Segment Start: Dataset records
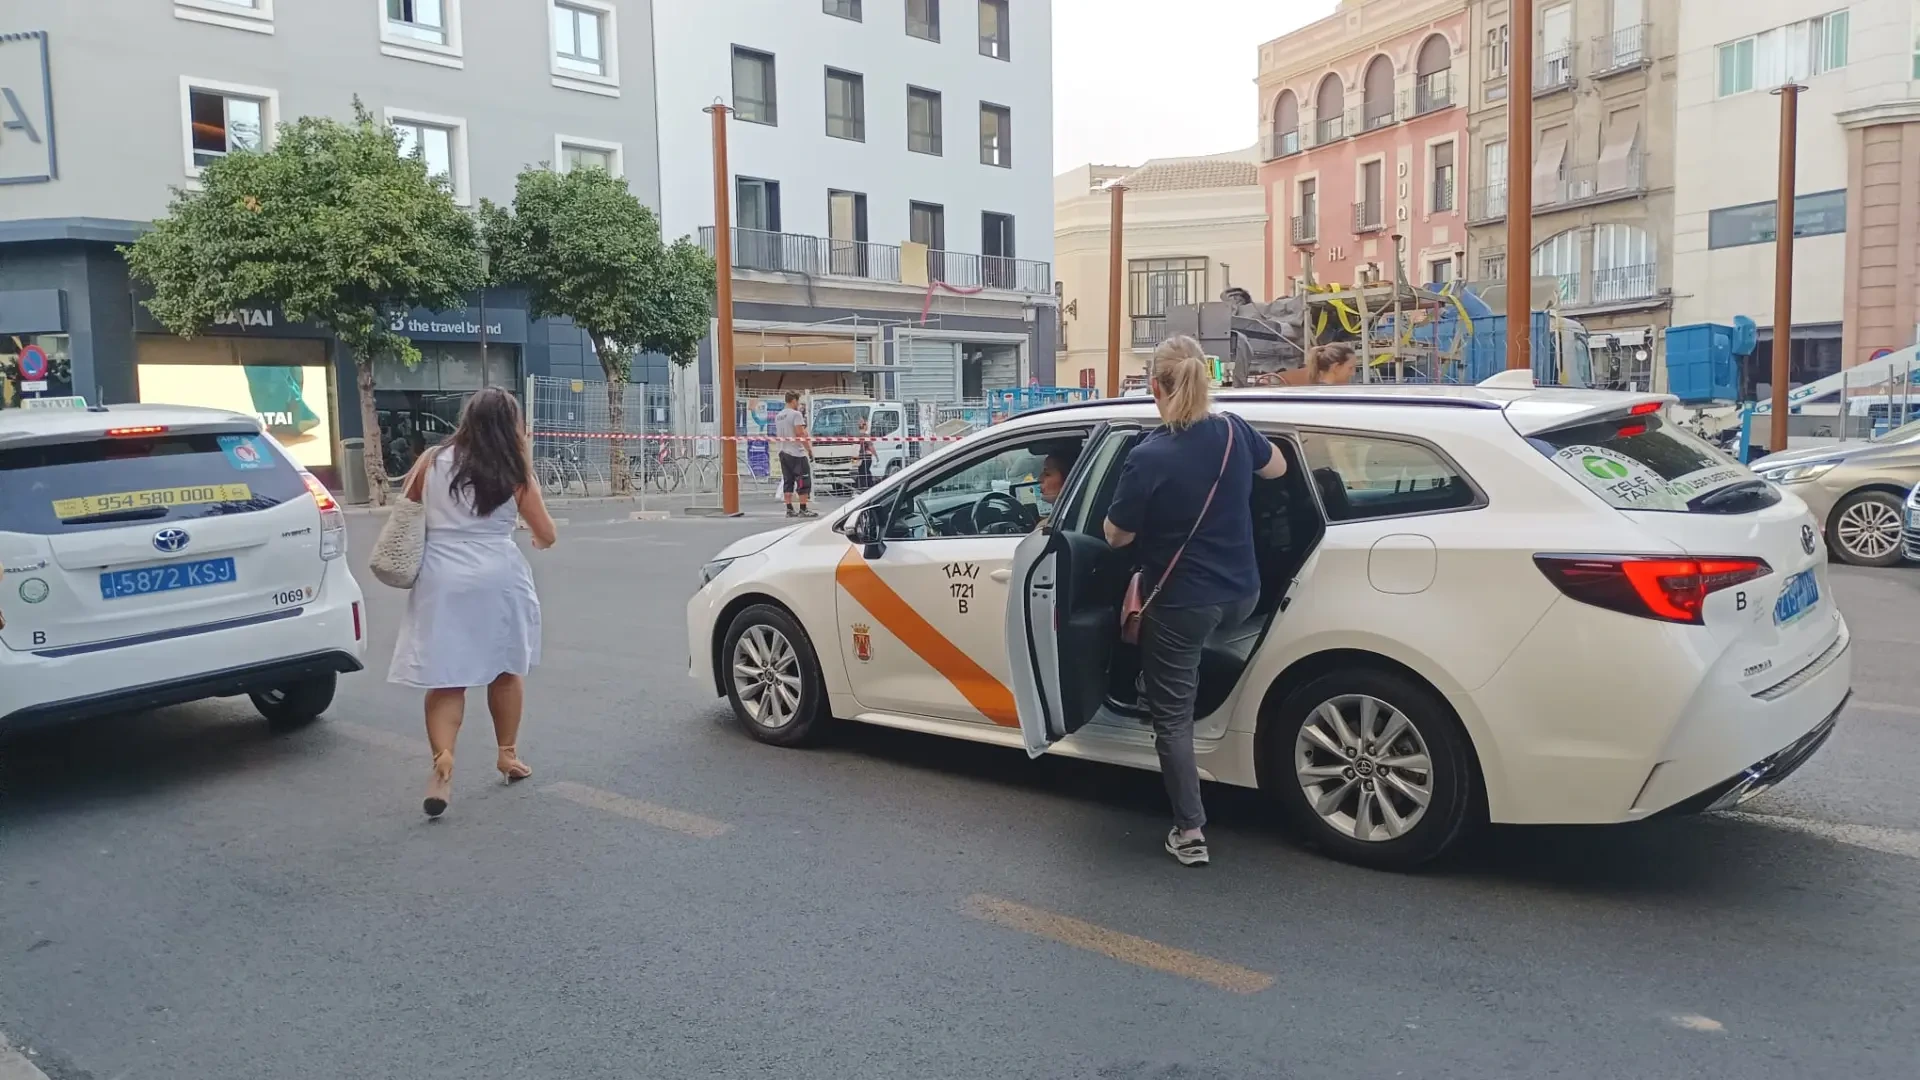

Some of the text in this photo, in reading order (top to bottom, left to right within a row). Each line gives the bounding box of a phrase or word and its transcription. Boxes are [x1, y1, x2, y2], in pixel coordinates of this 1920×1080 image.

[1328, 246, 1346, 262] HL
[408, 319, 429, 332] the
[431, 321, 465, 333] travel
[467, 322, 502, 335] brnd
[1606, 476, 1649, 495] TELE
[1618, 484, 1658, 502] TAXI
[97, 495, 134, 512] 954
[139, 491, 175, 506] 580
[180, 487, 214, 502] 000
[121, 567, 181, 594] 5872
[187, 561, 230, 586] KSJ
[942, 563, 980, 580] TAXI
[272, 588, 304, 606] 1069
[949, 583, 974, 599] 1721
[958, 599, 969, 614] B
[1736, 591, 1747, 611] B
[33, 631, 47, 645] B
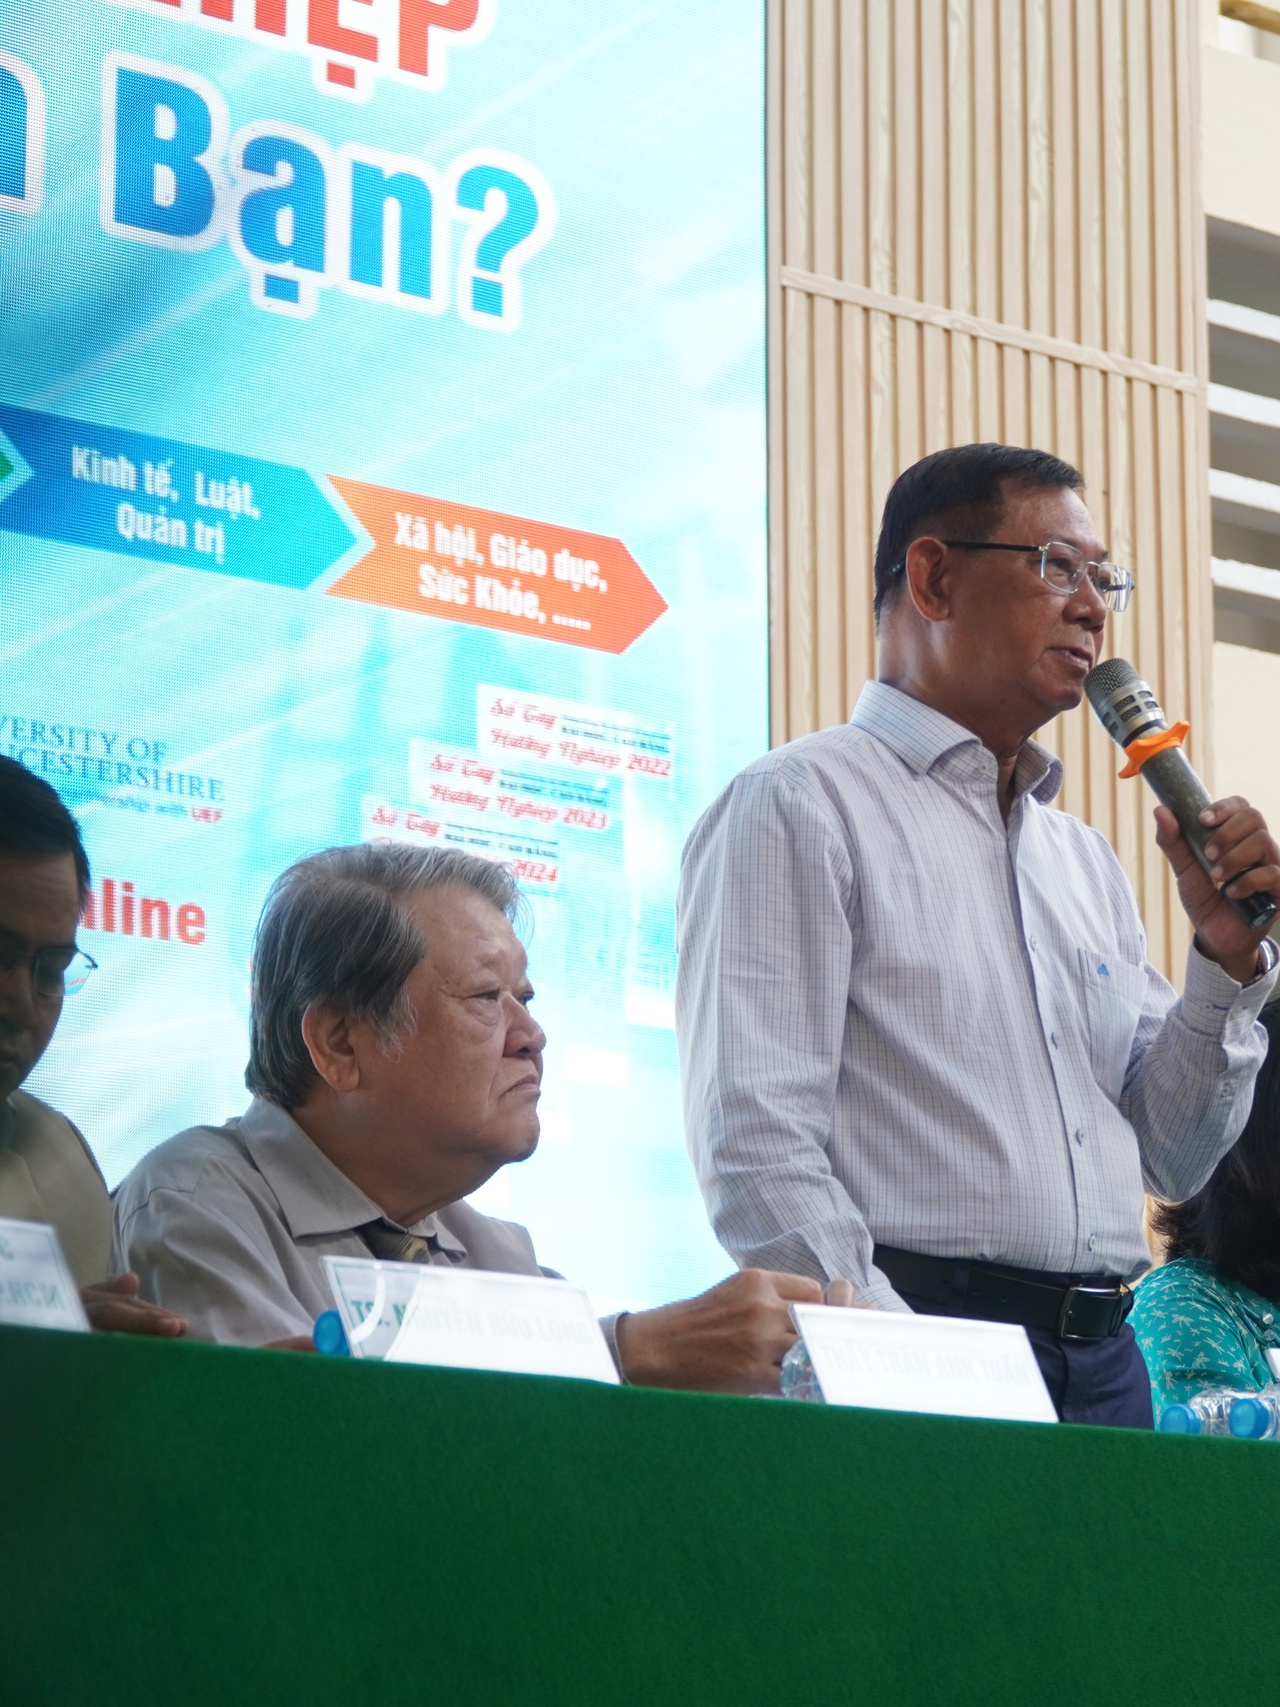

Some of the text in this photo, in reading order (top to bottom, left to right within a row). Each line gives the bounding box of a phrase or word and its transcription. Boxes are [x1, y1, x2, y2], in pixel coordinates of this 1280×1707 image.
Segment End: Dataset records
→ What is expected
All of the records should be output exactly as they stand, with pictures omitted.

→ Written reply
Some of the text in this photo, in reading order (top to bottom, left to right within a row). Each line gives the bounding box of a phrase or word and its transcription. Boxes are [x1, y1, x2, y2], in pixel coordinates of this 1920×1080 image.

[1328, 246, 1346, 262] HL
[408, 319, 429, 332] the
[431, 321, 465, 333] travel
[467, 322, 502, 335] brnd
[1606, 476, 1649, 495] TELE
[1618, 484, 1658, 502] TAXI
[97, 495, 134, 512] 954
[139, 491, 175, 506] 580
[180, 487, 214, 502] 000
[121, 567, 181, 594] 5872
[187, 561, 230, 586] KSJ
[942, 563, 980, 580] TAXI
[272, 588, 304, 606] 1069
[949, 583, 974, 599] 1721
[958, 599, 969, 614] B
[1736, 591, 1747, 611] B
[33, 631, 47, 645] B

Some of the text in this photo, in reading order (top to bottom, left to right within a row). Each line gives the bounding box of a phrase or word and its transcription. Boxes are [x1, y1, x2, y2], in pixel coordinates of this 1280×1707 image.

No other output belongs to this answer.